Pictures do not belong in the copy, so please give every entry below again exactly.
——
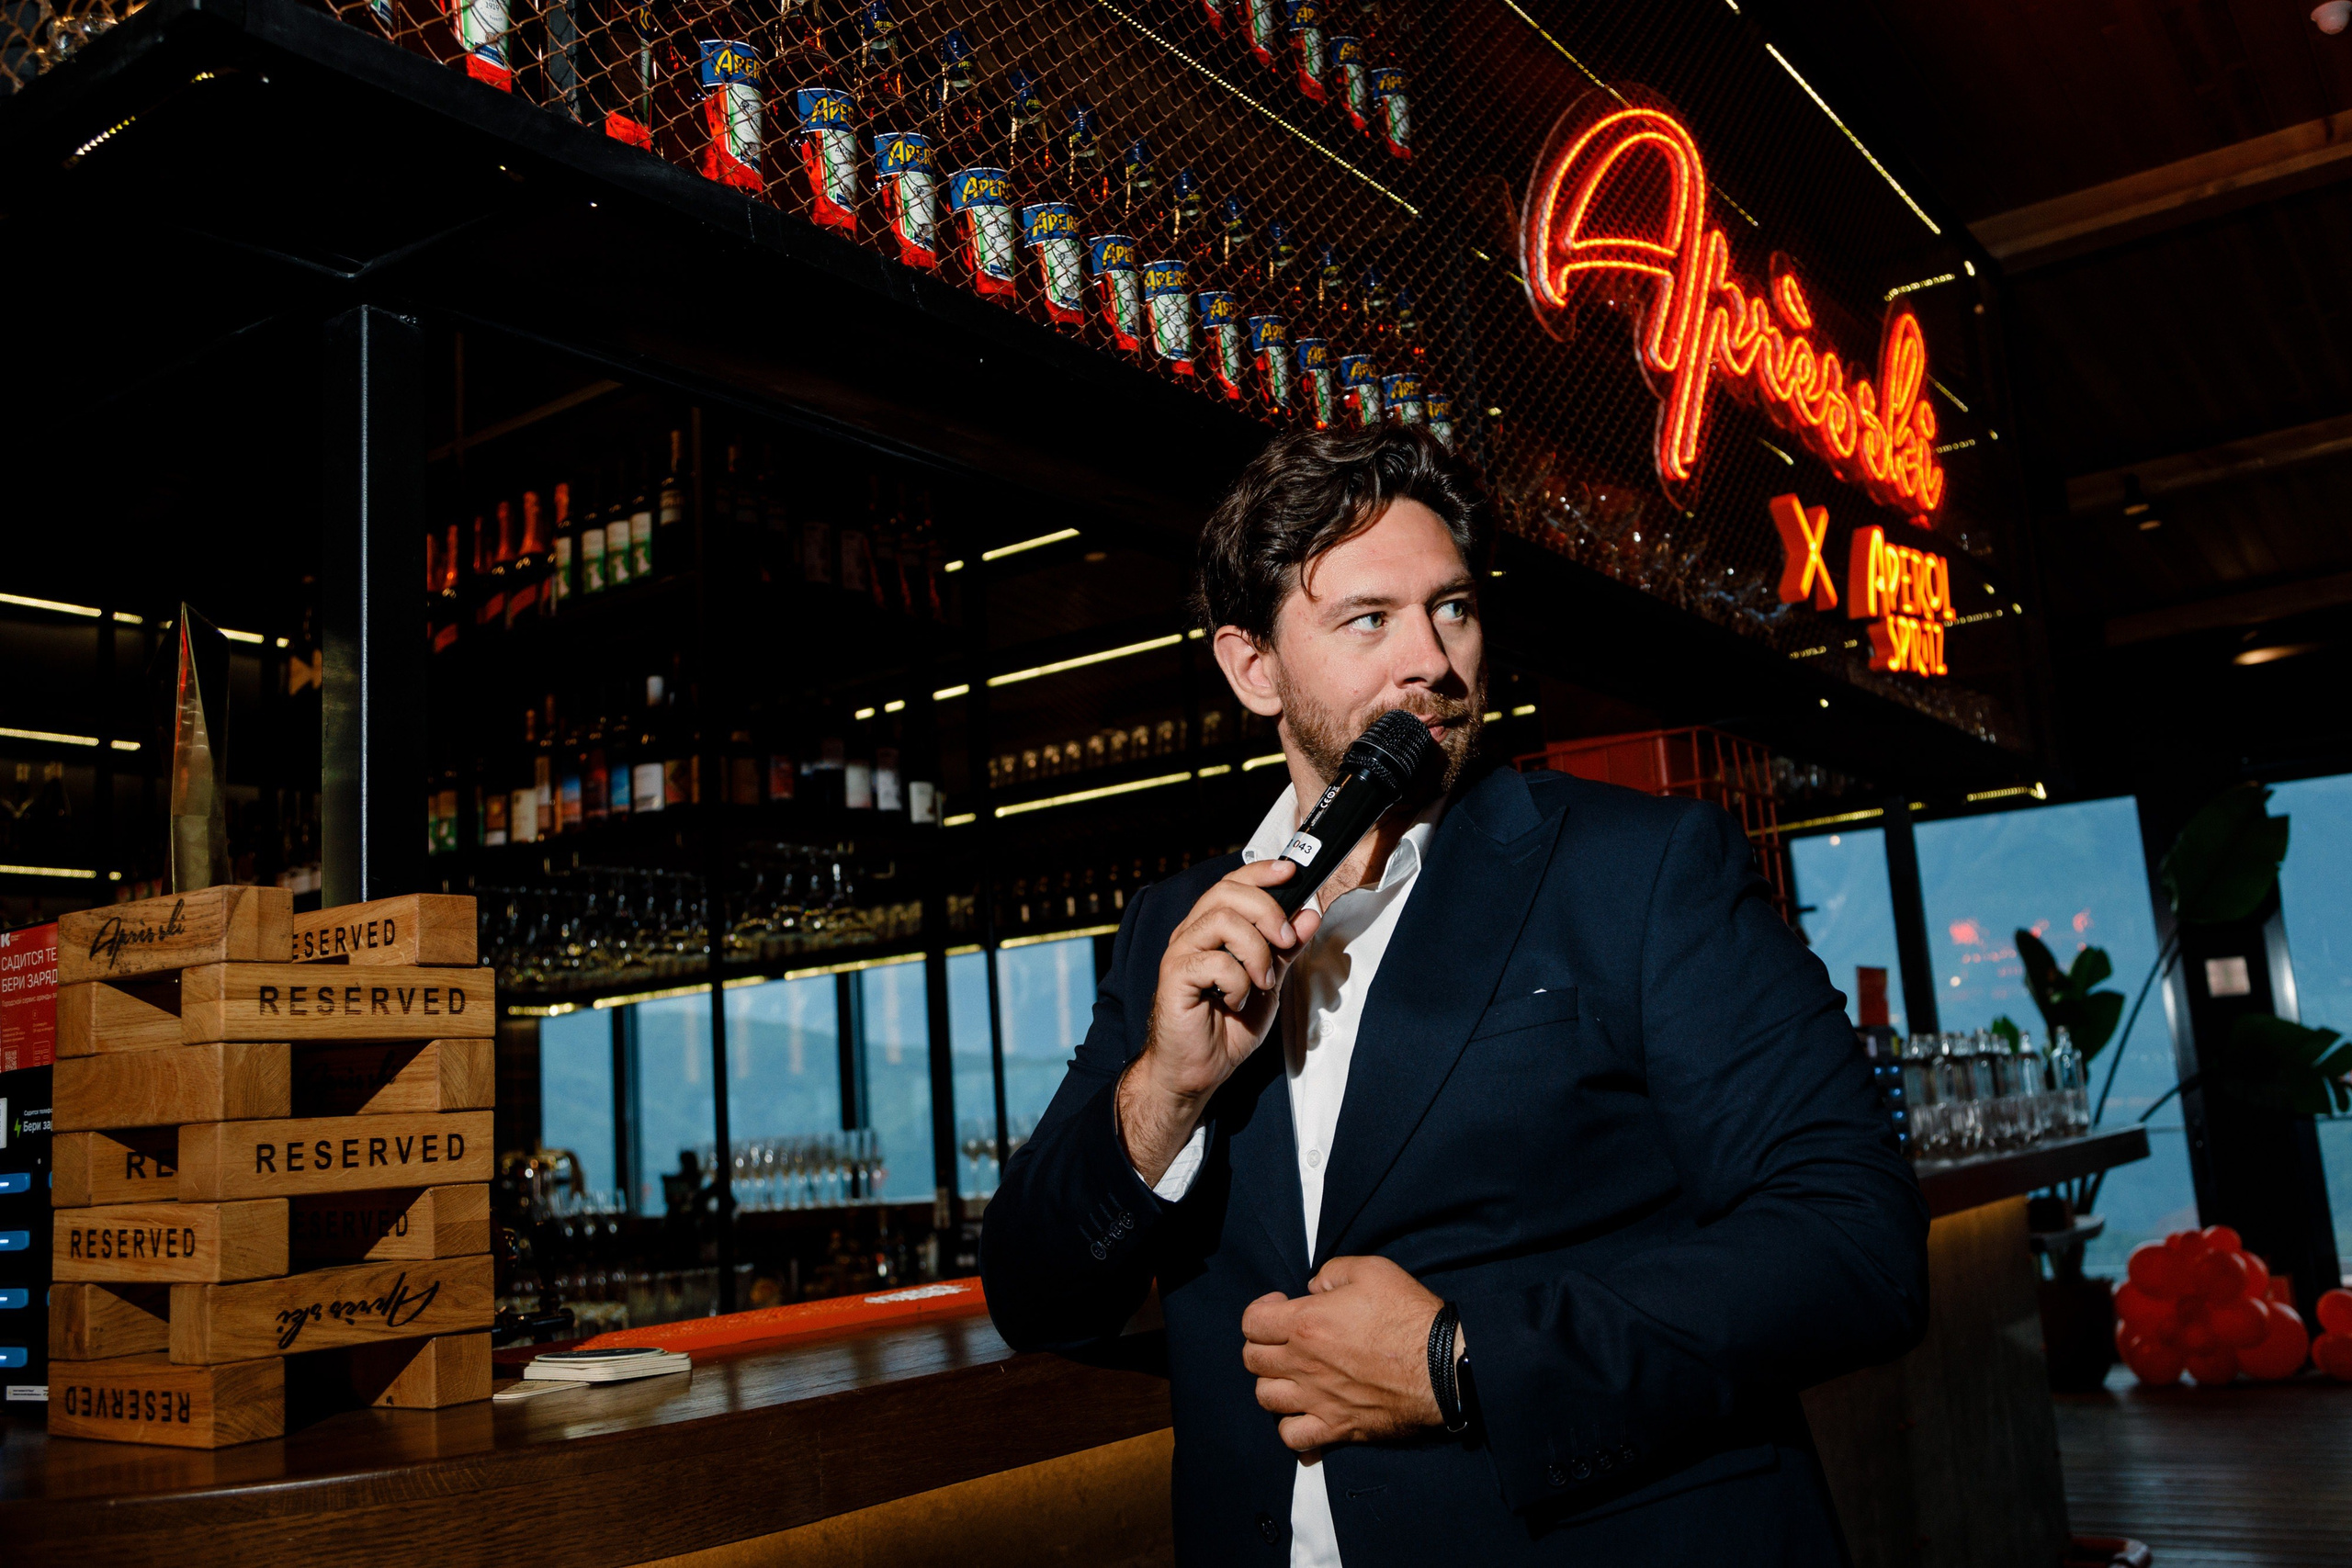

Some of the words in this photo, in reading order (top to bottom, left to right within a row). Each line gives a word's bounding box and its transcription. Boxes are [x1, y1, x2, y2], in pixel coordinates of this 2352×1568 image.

[1781, 493, 1837, 610] X
[1861, 525, 1957, 622] APEROL
[1, 949, 44, 971] САДИТСЯ
[46, 947, 57, 962] ТЕ
[2, 975, 26, 992] БЕРИ
[27, 968, 58, 988] ЗАРЯД
[259, 986, 466, 1015] RESERVED
[23, 1121, 41, 1134] Бери
[256, 1134, 465, 1173] RESERVED
[71, 1228, 196, 1258] RESERVED
[65, 1386, 190, 1423] RESERVED
——
Expected answer |
Some of the words in this photo, in reading order (top to bottom, left to right within a row). Each line gives a word's bounding box and its transcription. Boxes are [x1, y1, x2, y2], in pixel coordinates of this 2352×1568 image.

[1781, 493, 1837, 610] X
[1861, 525, 1957, 622] APEROL
[1, 949, 44, 971] САДИТСЯ
[46, 947, 57, 962] ТЕ
[2, 975, 26, 992] БЕРИ
[27, 968, 58, 988] ЗАРЯД
[259, 986, 466, 1015] RESERVED
[23, 1121, 41, 1134] Бери
[256, 1134, 465, 1173] RESERVED
[71, 1228, 196, 1258] RESERVED
[65, 1386, 190, 1423] RESERVED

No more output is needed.